Food brings the people together. And it can also define the culture of a particular country as well.

And when the topic of Nova Scotia is brought onto the table, there is only one thing that can best describe their food and that is ‘uniquely delicious’! So in this article, we are going to take you on a gastronomic trip about the popular foods in Nova Scotia and know more about the different food specialties that you can only find in this part of the globe.

 

Food Background Of Nova Scotia

annapolis valley
Seafood is the primary food of choice in Nova Scotia. There are so much to choose from fresh lobsters from the Atlantic lobster, crabs, succulent Digby scallops, and more. Aside from that, the Annapolis Valley is home to the finest vineyards in the region where you can harvest fruits and enjoy the latest vintage wine. Moreover, Nova Scotia’s farmer’s markets are filled with locally-grown produce, and you can even ask the folks there to cook and prepare the food for you.

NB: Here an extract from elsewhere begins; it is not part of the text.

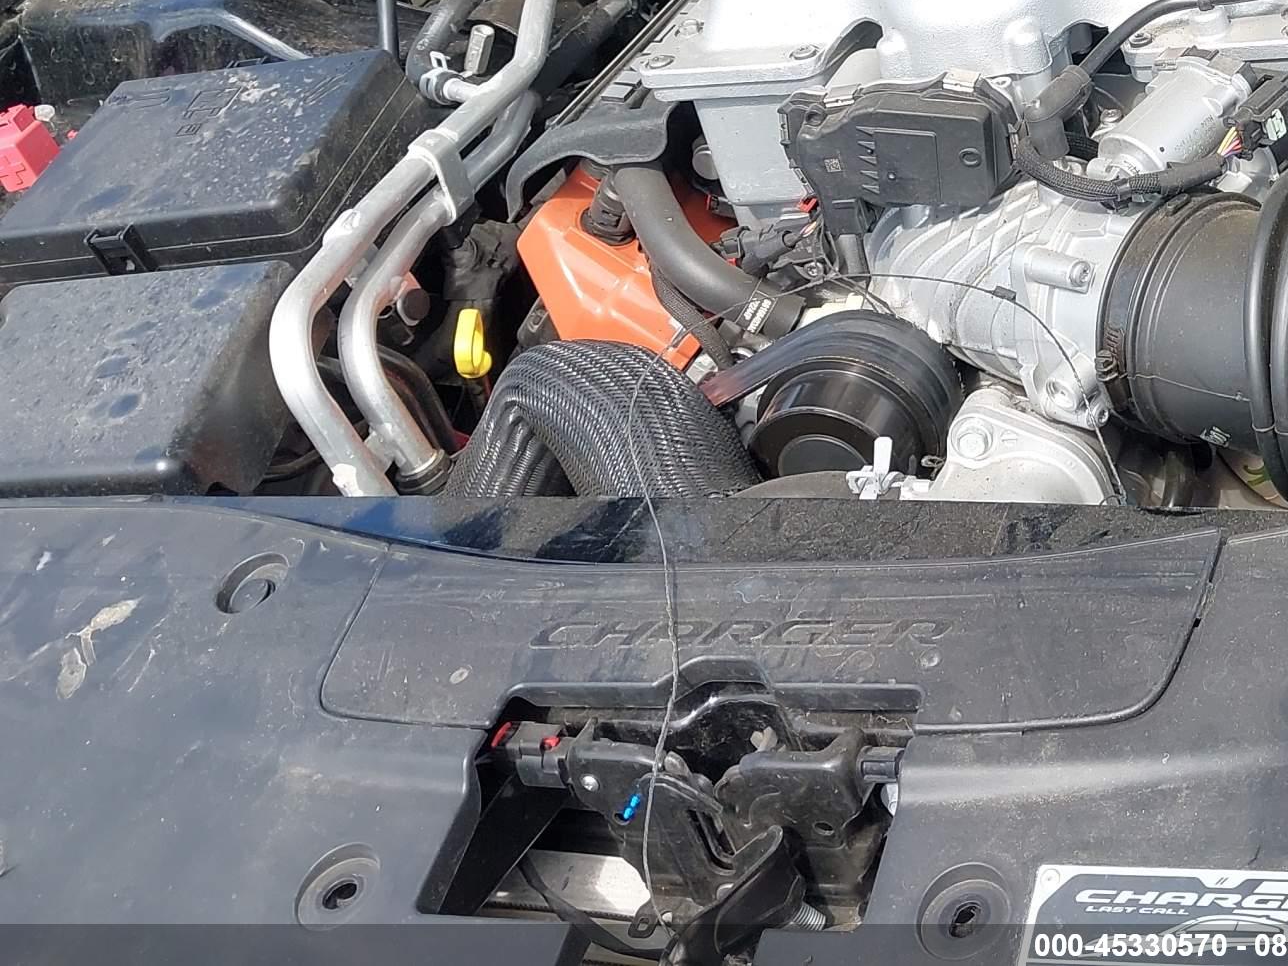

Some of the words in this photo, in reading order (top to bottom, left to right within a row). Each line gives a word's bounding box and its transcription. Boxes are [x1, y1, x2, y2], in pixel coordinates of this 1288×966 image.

Their Unique Favorite Specialties

And here are the popular foods in Nova Scotia that we highly recommend you to try on your trip:

Donairs

This is the most popular delicacy in Halifax that is sought after by locals and visitors alike. A donair is composed of shaved beef, tomatoes, and onions wrapped in soft pita bread and drenched sweet garlic sauce. Eating this food can be pretty messy, but its taste will surely give an unforgettable experience that you’ll surely remember after your trip.

Garlic Fingers Paired With Donair Sauce

Garlic fingers are very popular in North America, but it’s only here in Nova Scotia that you’ll find locals dipping their garlic fingers in donair sauce. In fact, they dip almost any kind of food with it! So we advise that you buy a couple of donair sauce bottles at the grocery store and bring them as long as you roam around town.

Hodge Podge

Your Nova Scotia trip will not be complete without trying this traditional summer dish. Hodge podge is a simple meal that is composed of beans, baby carrots, peas, potatoes, and cream. It’s so easy to prepare that it remains as one of the popular foods in Nova Scotia to this day.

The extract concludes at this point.